Jan Gehl’s lecture at RIBA on Tuesday Night laid clear some of the persistent issues with the lunacy of cycling with London. While the city certainly has progressed on many fronts, there is a noticeable paucity if cycling infrastructure when compared to Copenhangen, Amsterdam or even Boulder, Colorado. Gehl’s main message, as I could see it, was that cities should be designed for people, by people. This refreshing burst of energy comes exactly at a time when the engines of economic progress and the clamor for more cars and suburbs have slowed for a variety of reasons; namely the collapse of the housing bubble, increasing awareness of climate change, and a growing impulse of people to refuse to submit to economic objectification and the vast iniquities becoming painfully obvious. Not that the numbers don’t shake out in Gehl’s model; his data collected on the use of regenerated and properly planned urban spaces show that pedestrian density is often representative of high rates of building occupancy, employment and property values. All of this is intuitive, fill space with people, and they will be productive,, fill a city with cars, and they will be congested, polluted with a sacrificial slaughter of the public realm to the god of parking.
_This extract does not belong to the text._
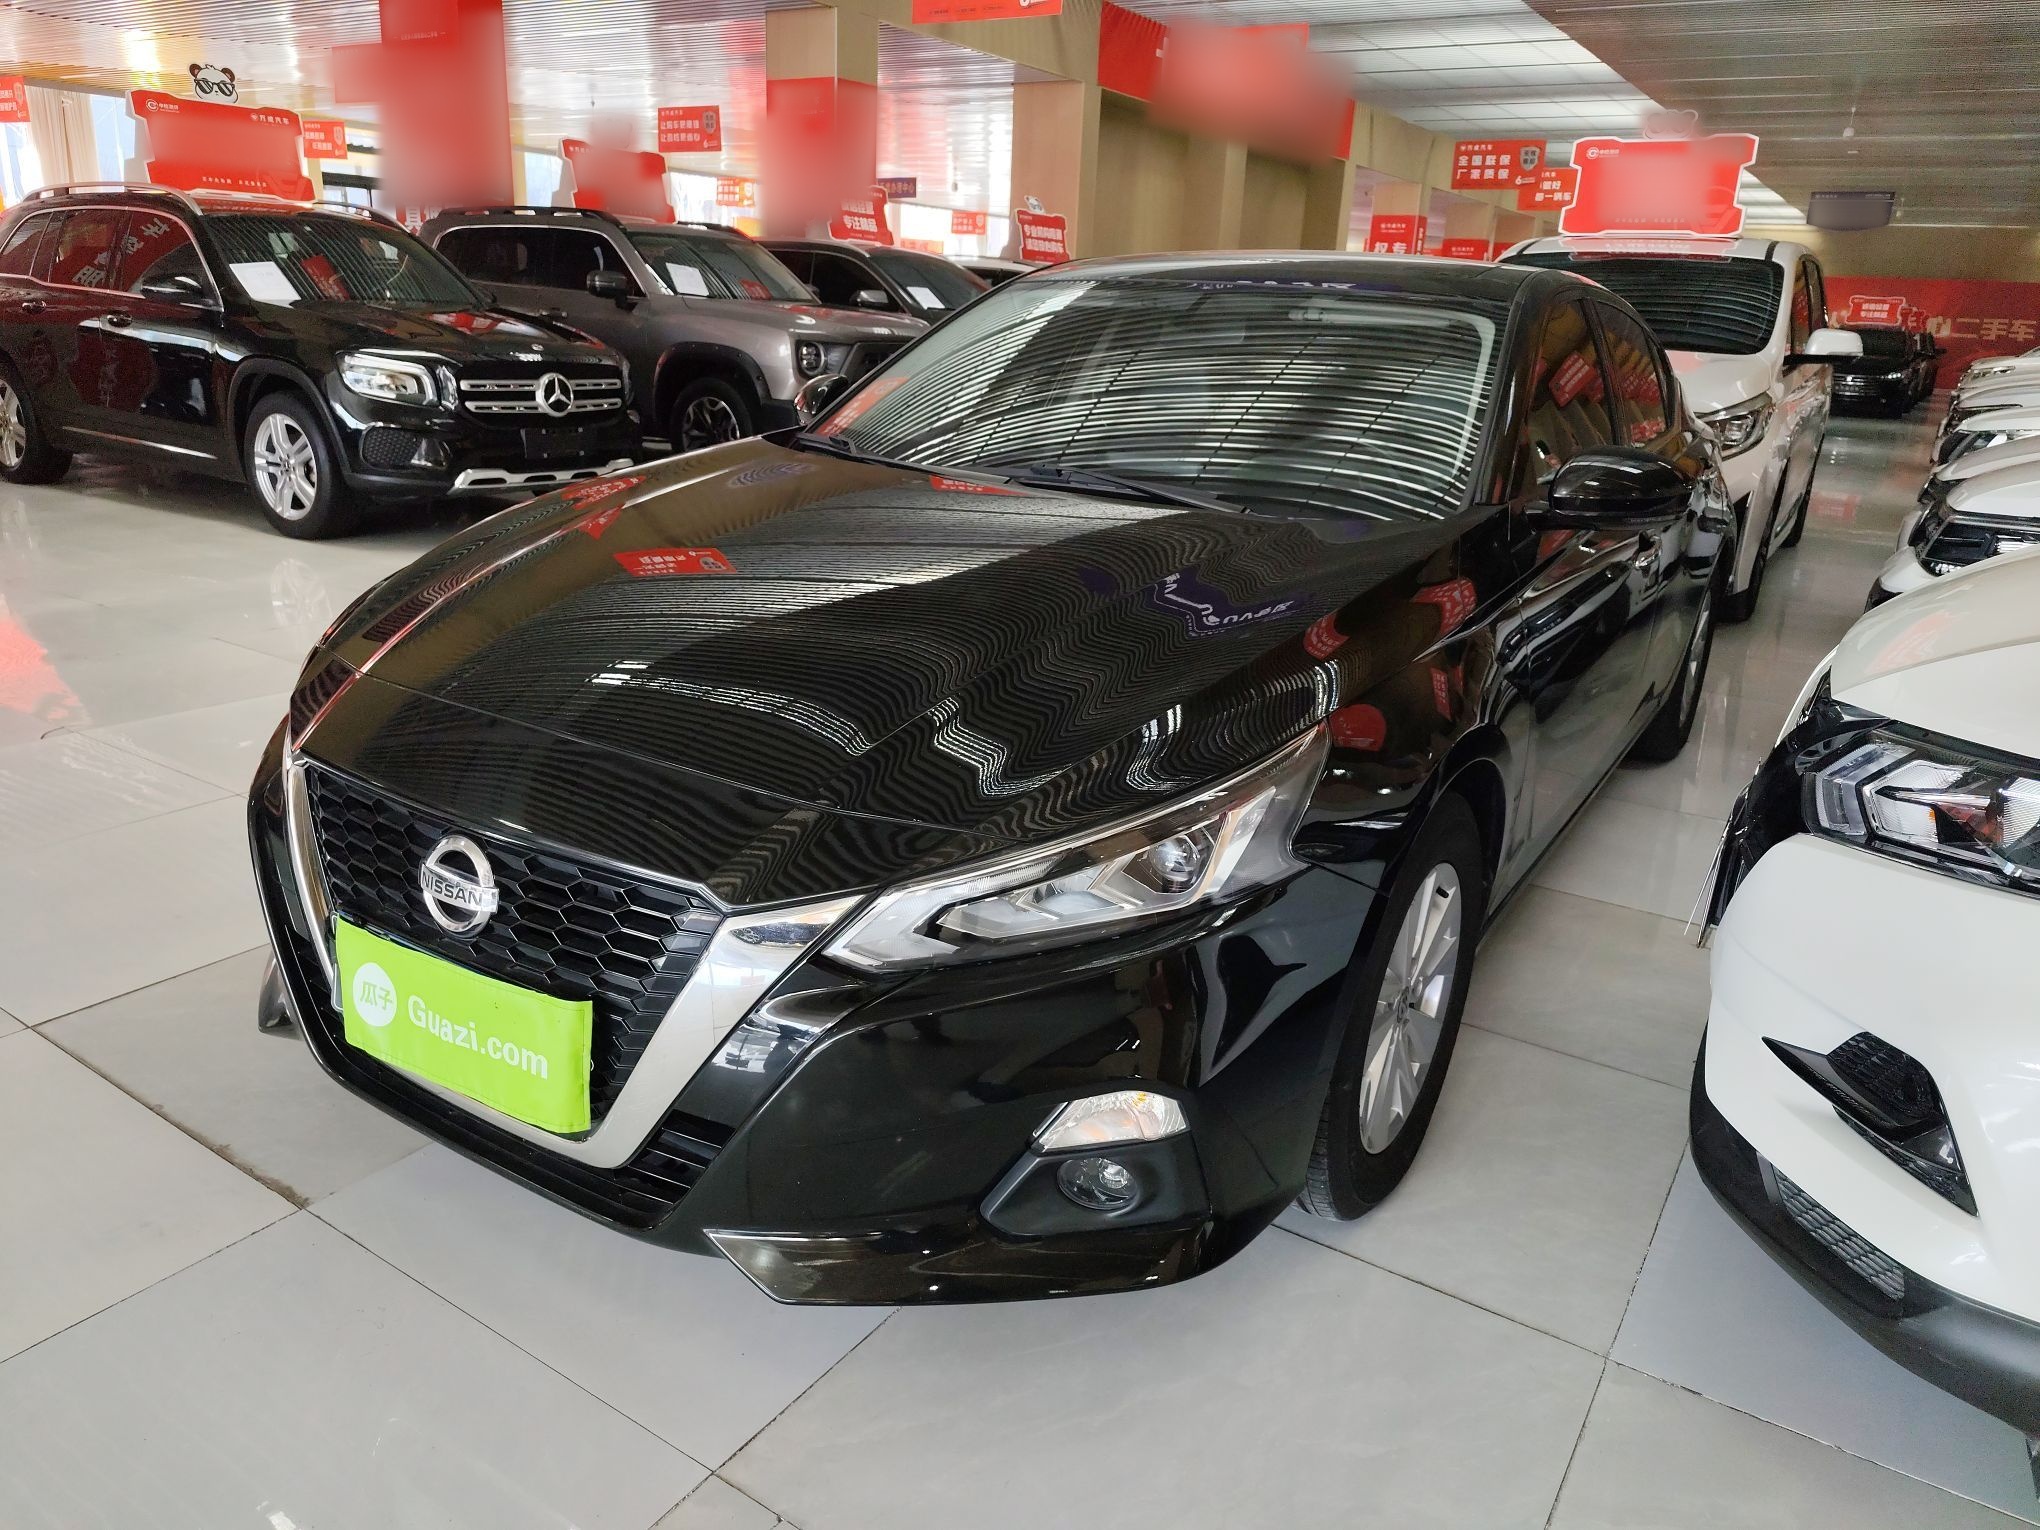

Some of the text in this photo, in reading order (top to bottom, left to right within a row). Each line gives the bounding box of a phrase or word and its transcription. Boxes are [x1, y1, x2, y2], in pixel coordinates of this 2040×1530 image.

While Gehl’s message is more holistic than addressing issues of sustainable transit, much of the discussion afterwards focused on the relative hazards of cycling in London. And understandably so, London’s skyrocketing rates of cycling use. Between the introduction of the congestion charging zone, Boris’s implementation of Ken Livingston’s ideas, growing concern over climate change, and the sheer painfulness of commuting by car in a notoriously congested city the explosion of cycling culture has been nothing short of phenomenal. However, it has become painfully obvious that the city has failed to deliver a city wide, well planned cycling infrastructure. Combined with the anachronistic and undemocratic system of pedestrian crossings, increased cycling has resulted in increased friction between cyclists, pedestrians and automobiles. In the best of times, cycling in the city is an adventure, and a survival contest that has spawned a militant hardcore cycling culture touting expensive and aerodynamic spandex kit. To remedy this situation, there were several concrete proposals that should be rolled out at once.
1) Give cycles a six second green light ahead of car traffic. This would avoid the mad scramble inherent in busy starts, with cyclists, scooters, motorbikes and cars all vying for position, reduce the amount of exhaust that cyclists have to churn through (potentially reducing overall emissions as the startline antics of car drivers will be ameliorated), making intersections safer, and reduce friction between cyclists and pedestrians; as has been shown in a wide array of commentary sections lately, many of those who do not cycle do not realize the advantage of cyclists in running red lights.
2) Carry cycle lanes through intersections, and sidewalks through side streets and driveways as has been done to some degree on Roman Road in the East End.
3) Computerize signaling for bike and pedestrian crossings to be more user friendly, displaying the time till crossing is closed and open.
4) Broaden cycle lanes and sidewalks, and protect cycle lanes with rows of parked cars rather than vice versa.
5) Make public transit more cycle friendly to facilitate long distance cycle commuting, this includes making dedicated bike racks on the underground, overground and national rail services, as well as busses. On my way home from Gehl’s lecture the chain broke on my cycle. I was under the impression that off peak one could take their cycle on the tube, or at least bits of it. At Regent Street station the woman working at the tube told me no way, though said at Baker Street I should be able to. I was rejected there as well, even though later looking up TFL’s policy, I was fully in the right; it was the attitude of TFL employees in both cases that was most frustrating, as they were openly antipathic to my cycle.
While the Danes point of view is openly antagonistic to automobiles in the city, it may be that there are ways to balance the convenience of pedestrian, bike, car and public transport for their respective purposes. Making the city more accessible to people at these different scales will form the basis of more sustainable and enjoyable places. Now if only we can get the river’s clean enough to boat and swim in.